Le couple habitait en plein centre de Paris, au quatrième étage d’un immeuble haussmannien. Depuis leur minuscule terrasse, il fallait se pencher pour apercevoir la tour Eiffel. Cette possibilité rendait-elle cet appartement plus cher que ceux voisins ? Rémi jeta un coup d’œil à sa boutique, qui se trouvait sur le trottoir d’en face. Une enseigne de photographie qu’il tenait seul, exposant et vendant ses clichés dans tous les formats imaginables. La clientèle répondait présente pour lui permettre de vivre de sa passion. Toutefois, le nombre de ventes variait fortement d’un jour à l’autre, et la stabilité financière espérée n’était pas encore d’actualité. Heureusement que Léa, responsable dans une agence d’événementiel, n’avait pas ces incertitudes.
Rémi claqua la fenêtre et s’assura de tourner la poignée. Pas question d’offrir une ouverture à la moindre onde sonore de ce brouhaha parisien. Il s’approcha du lit double, passa lui aussi sous la couette.
— Tu as bien vendu aujourd’hui ?
— Hm…dix posters encadrés, trois impressions sur toile et deux acryliques.
— C’est pas mal !
Vingt-trois heures. Léa posa son livre sur la table de chevet, embrassa son mari en appuyant sur l’interrupteur à l’aveugle. Les lèvres se caressèrent durant de longues secondes, puis elles se refermèrent en même temps que les yeux. Début de nuit paisible.
***
Les yeux de Rémi s’ouvrirent d’eux-mêmes. Minuit et demi sur sa montre. Pourquoi s’était-il réveillé ?
La cause lui parvint rapidement : un vacarme provenait de la rue. Que se passait-il ? Il sortit du lit en vitesse et s’approcha de la fenêtre. Il l’ouvrit, se pencha pour balayer l’horizon du regard. Sur la gauche, une masse noire informe progressait en vitesse au milieu de la rue. Des centaines de personnes dans la nuit. Des lumières blanches, des hurlements, des klaxons.
Et du feu.
Rémi mit une main devant sa bouche. L’émeute approchait. Et elle allait passer devant chez lui. Il distinguait de mieux en mieux les détails de cette folie. L’essence qui coulait des bidons, les clameurs vidant les poumons ; organes remplis dans le même temps par la fumée des incendies naissants. Pas de police en vue. Ils cassaient tout sans exception, armés de barres de fer ou de battes de baseball. Une sueur froide commença à couler sur son front.

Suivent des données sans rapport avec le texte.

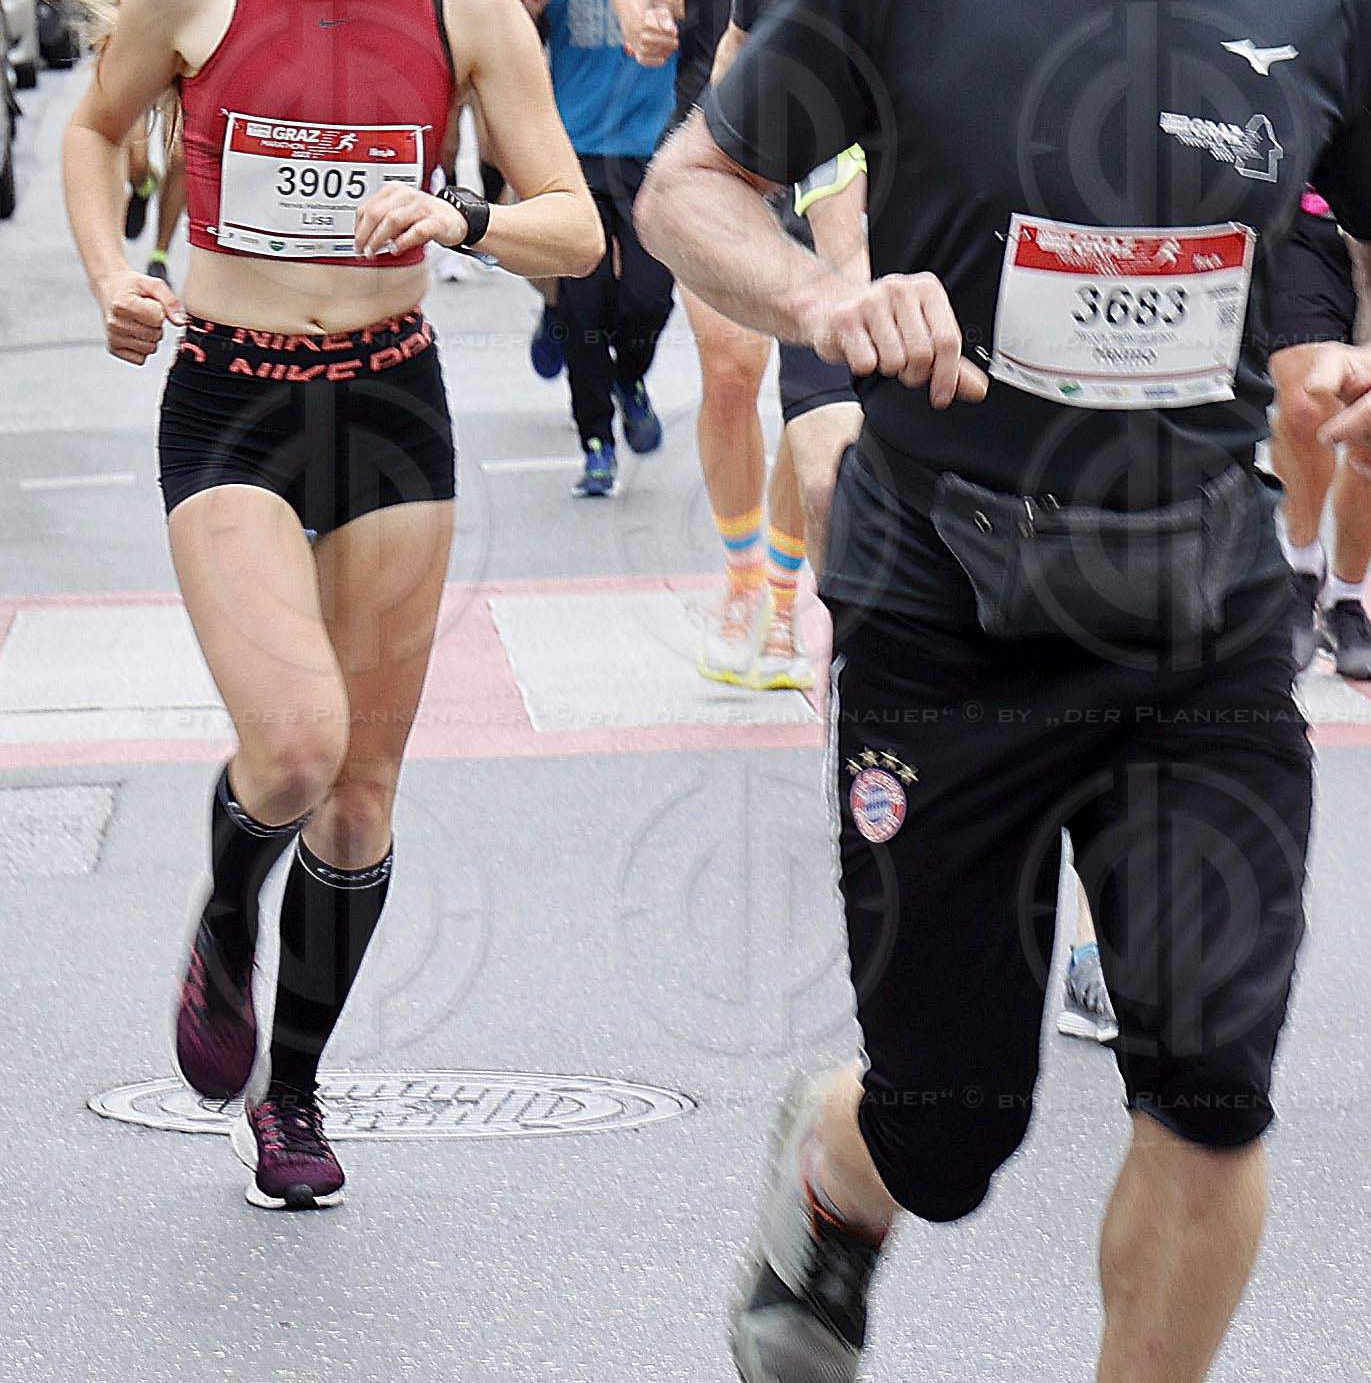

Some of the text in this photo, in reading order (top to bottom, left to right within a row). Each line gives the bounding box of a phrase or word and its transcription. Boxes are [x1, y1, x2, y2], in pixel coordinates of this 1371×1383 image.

[272, 126, 321, 143] GRAZ
[277, 166, 367, 199] 3905
[302, 212, 335, 226] Lisa
[1071, 283, 1187, 325] 3683

Rémi tourna brusquement la tête. Léa s’était réveillée en sursaut. Elle ne se leva pas, restant figée en angle droit. Les bruits devaient probablement suffire à savoir quel spectacle se produisait en bas. Lorsque Rémi ramena son regard sur la rue, son cœur s’arrêta de battre.
Ils attaquaient son magasin.
Il se précipita vers la porte d’entrée et enfila ses chaussures. Il descendit les escaliers en sprintant, propulsa la porte de l’immeuble et se jeta dans le chaos sans précautions. Pas le temps d’observer la scène. Il s’élança vers sa boutique en bousculant des dizaines d’émeutiers. Les insultes fusaient. Il les voyait, ceux qui tentaient de briser sa vitrine. Elle n’avait pas encore cédé. Rémi s’interposa devant l’enseigne.

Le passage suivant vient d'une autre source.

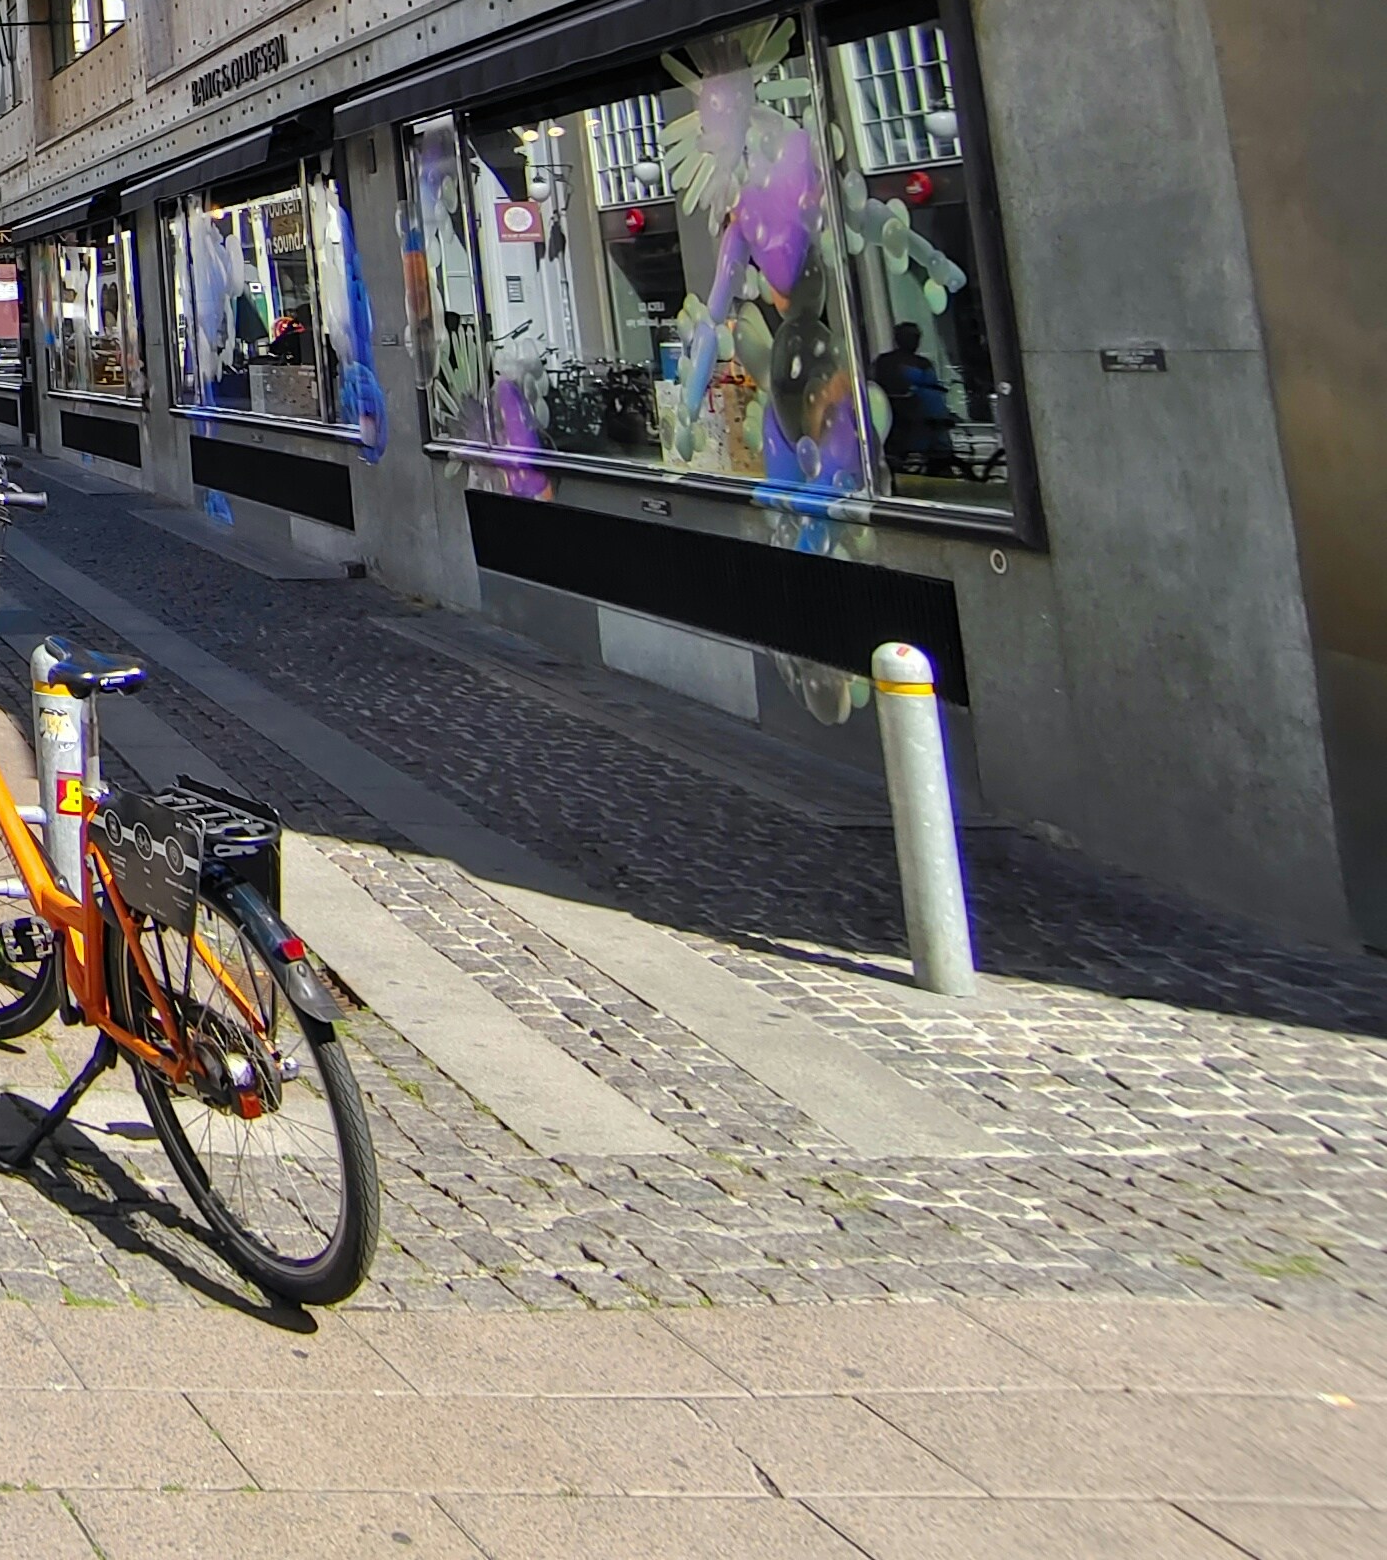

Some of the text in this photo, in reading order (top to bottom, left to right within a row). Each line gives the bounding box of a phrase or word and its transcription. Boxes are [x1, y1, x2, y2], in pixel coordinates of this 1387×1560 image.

[191, 68, 222, 107] BANG
[231, 33, 288, 90] OLUFSEN
[272, 221, 304, 255] sound.

— Dégage de là ! lui crièrent-ils.
— Touchez pas à ce magasin !
Les assaillants ricanèrent. Que pouvait-il avoir de menaçant, ce jeune mari sorti en pyjama dans la rue ? En face, c’étaient des jeunes et des adultes, des fous et des furieux. Des gens qui eux, étaient vêtus de rage.
— Casse-toi, dernier avertissement !
— Hors de question ! Allez casser le suivant !

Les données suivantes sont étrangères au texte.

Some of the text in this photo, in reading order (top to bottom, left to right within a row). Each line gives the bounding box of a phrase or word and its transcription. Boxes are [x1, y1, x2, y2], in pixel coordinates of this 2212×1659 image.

Dans leurs yeux, un regard animal, peut-être car ils s’étaient sentis rabaissés à ce rang. Peut-être car ils se sentaient bêtes dans le pays des droits de l’homme. Animaux politiques ?
Le meneur s’approcha de Rémi, le dévisagea en ricanant. Puis il leva sa batte et frappa le visage innocent, comme s'il fallait envoyer celui-ci aussi loin que possible.
***
Fermer les yeux est la sensation la plus réconfortante. Dans le noir, il n’est plus nécessaire de penser. C’est de cette liberté que Rémi fut tiré, à six heures du matin.
— Rémi, tu m’entends ?
— Je… Oui, c’est bon.
Il se redressa en gémissant. Un mal de crâne sans pareil. Léa était assise sur le lit, à côté de lui. Elle le regardait avec inquiétude. Rémi passa une main sur sa tempe. Une bosse et un épais bandage.
— Évite de toucher.
— Le magasin !
Il se leva et zigzagua jusqu’à la fenêtre, avant que sa femme ait eu le temps de réagir. Et il resta figé, une main appuyée contre la vitre. Ce n’était pas de la surprise, mais bien le désespoir qui devenait concret. La vitre était dépositaire d’une réalité implacable.
Fenêtre sur la rue. Fenêtre sur ce qui n’est plus.
La devanture était détruite.
Léa tentait de rassurer son mari, mais il n’écoutait pas. Elle parlait d’assurances. Rémi s’habilla lentement, sortit de l’appartement sans un mot. Au milieu de la rue, il contempla les restes du désastre. Les carcasses de voitures, les graffitis, les traces d’hydrocarbures.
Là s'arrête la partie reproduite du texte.